Chris Werme and Mike Boland - ERA Key Realty Services - Westborough



Posted by Chris Werme and Mike Boland on 5/5/2020

Image by pascalhelmer from Pixabay

You’ve spent months scouring home listings and viewing houses. Once you found your dream home, you signed the contracts and successfully closed. Congratulations! It’s time to get started on this next exciting chapter of your life.

While you’re probably eager to move your belongings into your new home, it’s a good idea to pause for a moment and plan to give your new house a deep cleaning. Here are five areas you’ll want to focus on before you start hauling in your possessions.

1. Bathrooms

Bathrooms are a priority because you’ll want to eliminate any potential germs lurking about. Even if everything looks clean, you can’t know for sure if it’s only been surface-cleaned, so you’ll want to give it your own deep cleaning. This way you can ensure any bacteria or other icky germs aren’t lingering. Focus on the toilet, sink, and tub. Don’t forget the toilet seat—ideally, install a new one.

Tip: Change the shower curtain and liner or, if you’re keeping the existing curtain because it matches the décor, give it a good machine wash.

2. Kitchens

Kitchens are another room where germs tend to linger. To start, clean the interiors of the oven and refrigerator. Next, use disinfectant to wash down the sink, faucet, counters, cabinets and all appliance exteriors. Don’t forget any handles and knobs.

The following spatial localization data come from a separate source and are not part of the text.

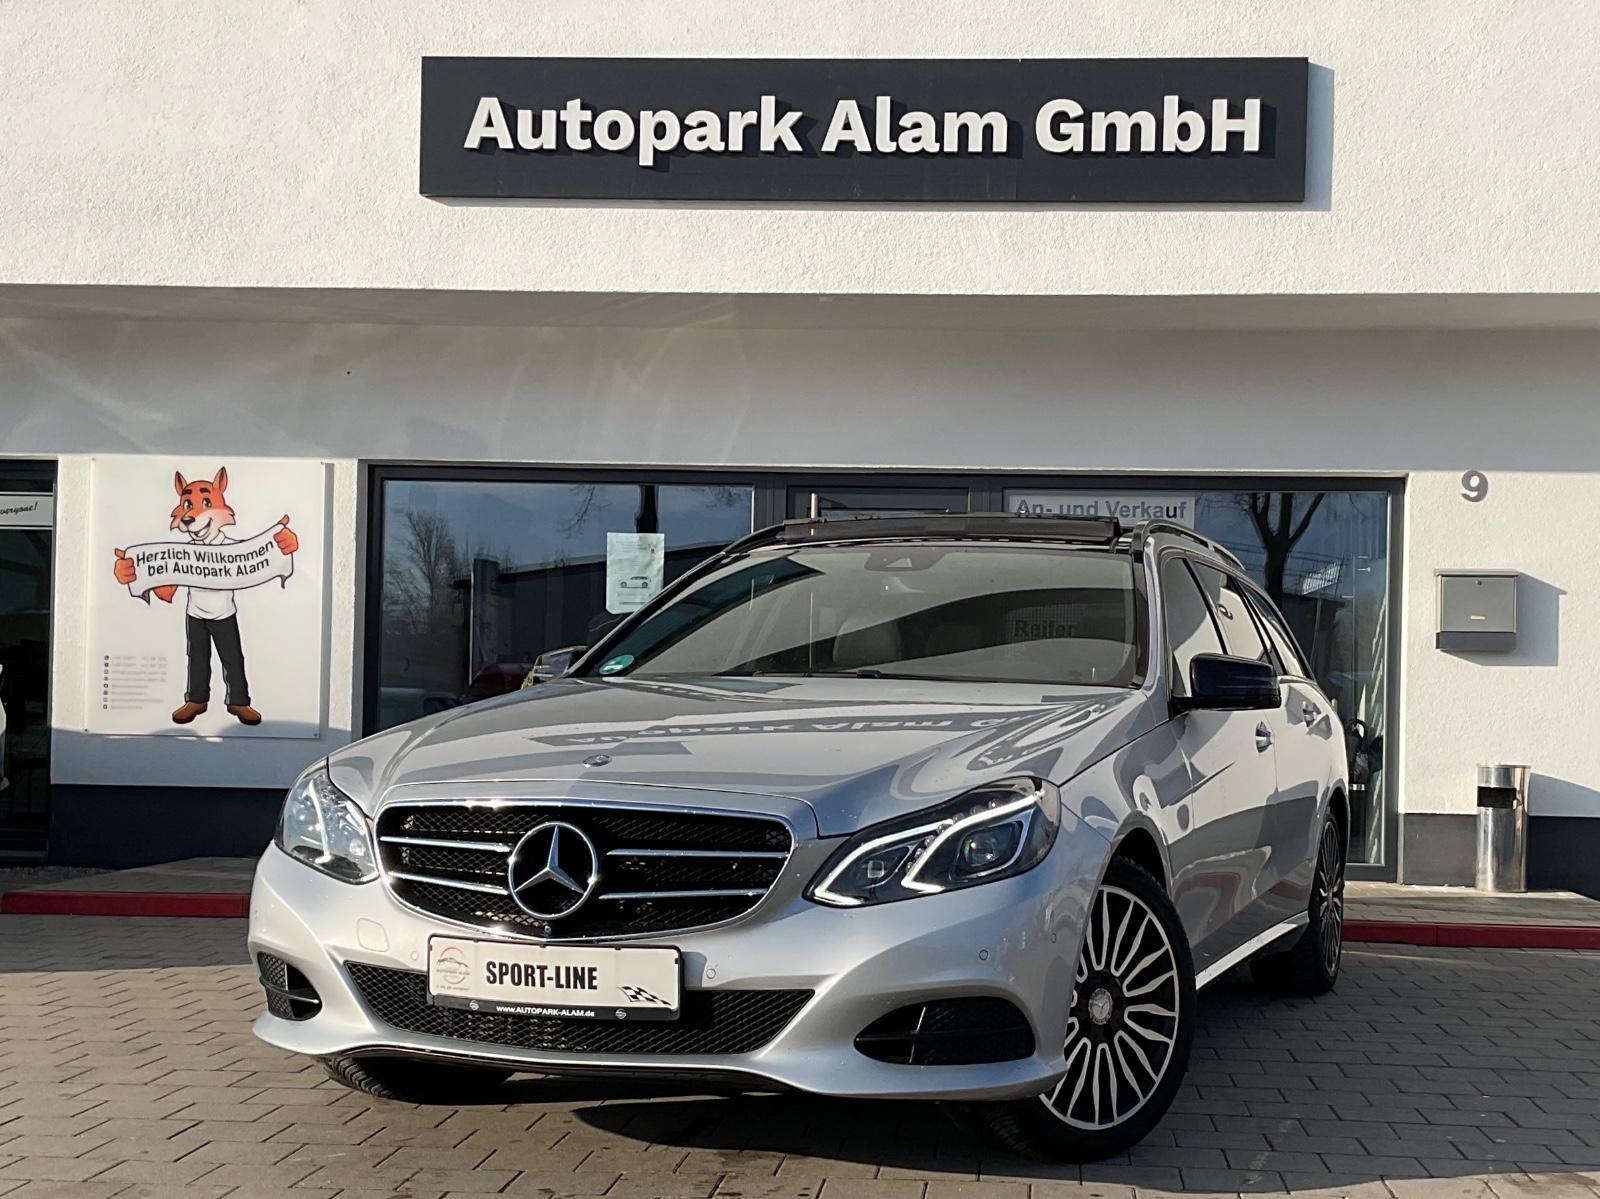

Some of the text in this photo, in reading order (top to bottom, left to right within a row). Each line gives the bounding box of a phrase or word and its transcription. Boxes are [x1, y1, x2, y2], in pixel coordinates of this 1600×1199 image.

[464, 95, 1262, 167] Autopark Alam GmbH
[1461, 469, 1489, 502] 9
[1017, 499, 1187, 518] An- und Verkauf
[136, 540, 274, 567] Herzlich Willkommen
[148, 558, 269, 579] bei Autopark Alam
[486, 960, 598, 990] SPORT-LINE
[496, 1005, 595, 1017] www.AUTOPARK-ALAM.de
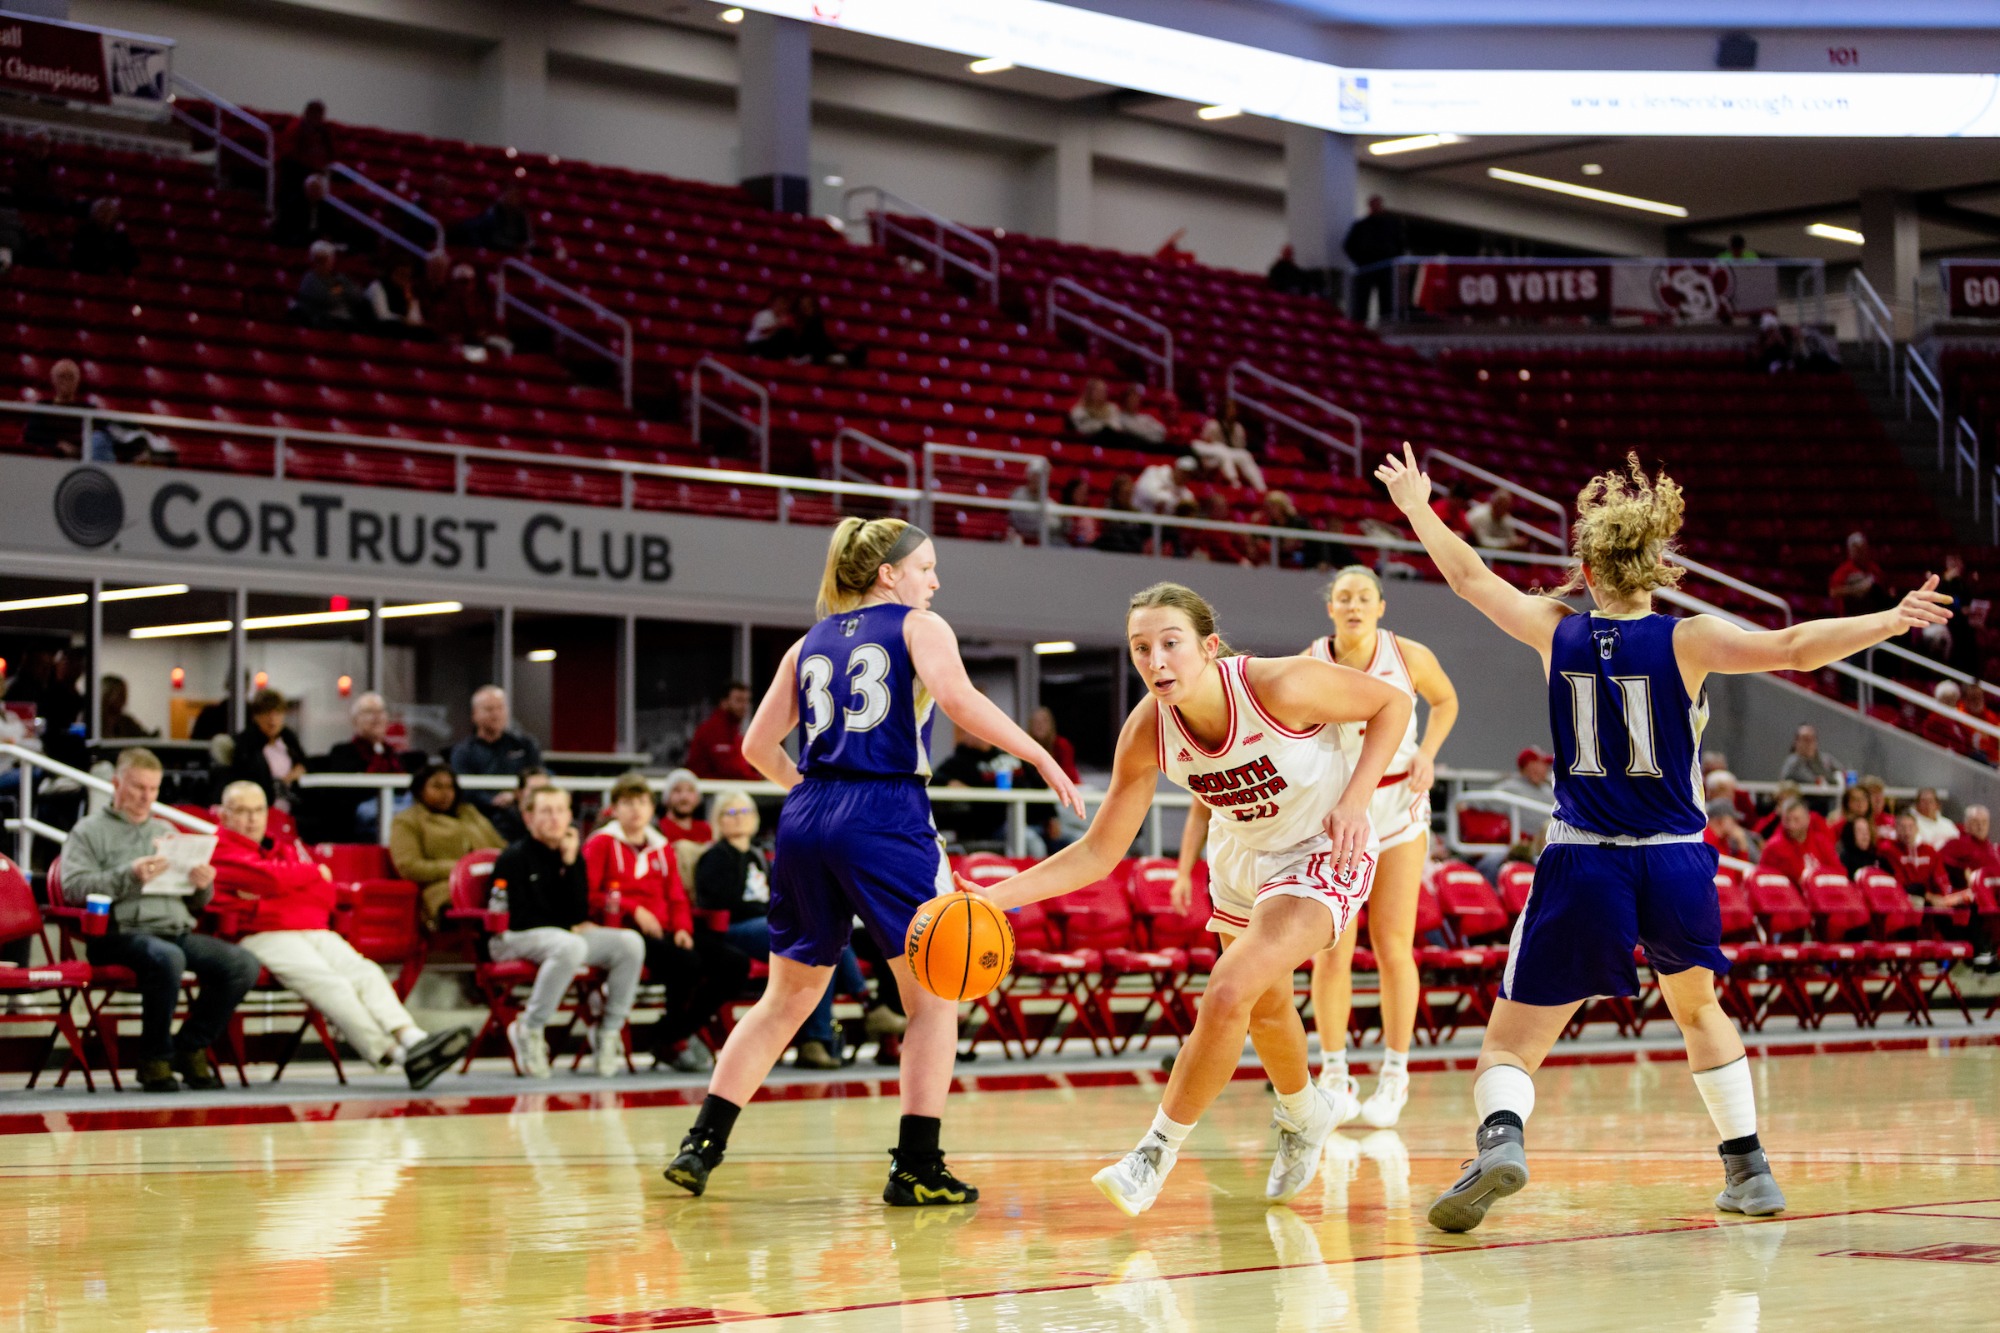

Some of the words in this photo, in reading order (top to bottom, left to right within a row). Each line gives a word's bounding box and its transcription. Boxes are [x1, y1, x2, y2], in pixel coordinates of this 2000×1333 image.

[0, 26, 22, 48] all
[1828, 47, 1858, 65] 101
[5, 56, 100, 93] Champions
[1459, 274, 1498, 304] GO
[1506, 269, 1598, 304] YOTES
[1963, 276, 2000, 307] GO
[800, 643, 891, 746] 33
[1560, 671, 1663, 778] 11
[1187, 754, 1278, 794] SOUTH
[1200, 775, 1288, 808] DAKOTA

Once you’ve got the kitchen clean, cover the cabinet and pantry shelves with new liner. Not only will it help protect your dishes and other wares, but it’ll give these spaces a fresh clean look and feel when you place your items in it.

3. Floors & Carpets

If you aren’t immediately replacing carpets, give them a deep cleaning with a rug cleaner. If you don’t own or have access to one, you can rent one from a grocery or hardware store. Wash any hardwood floors. To avoid harsh chemicals, you can use water and white vinegar, they’ll eliminate most bacteria and remove most dirt and grime.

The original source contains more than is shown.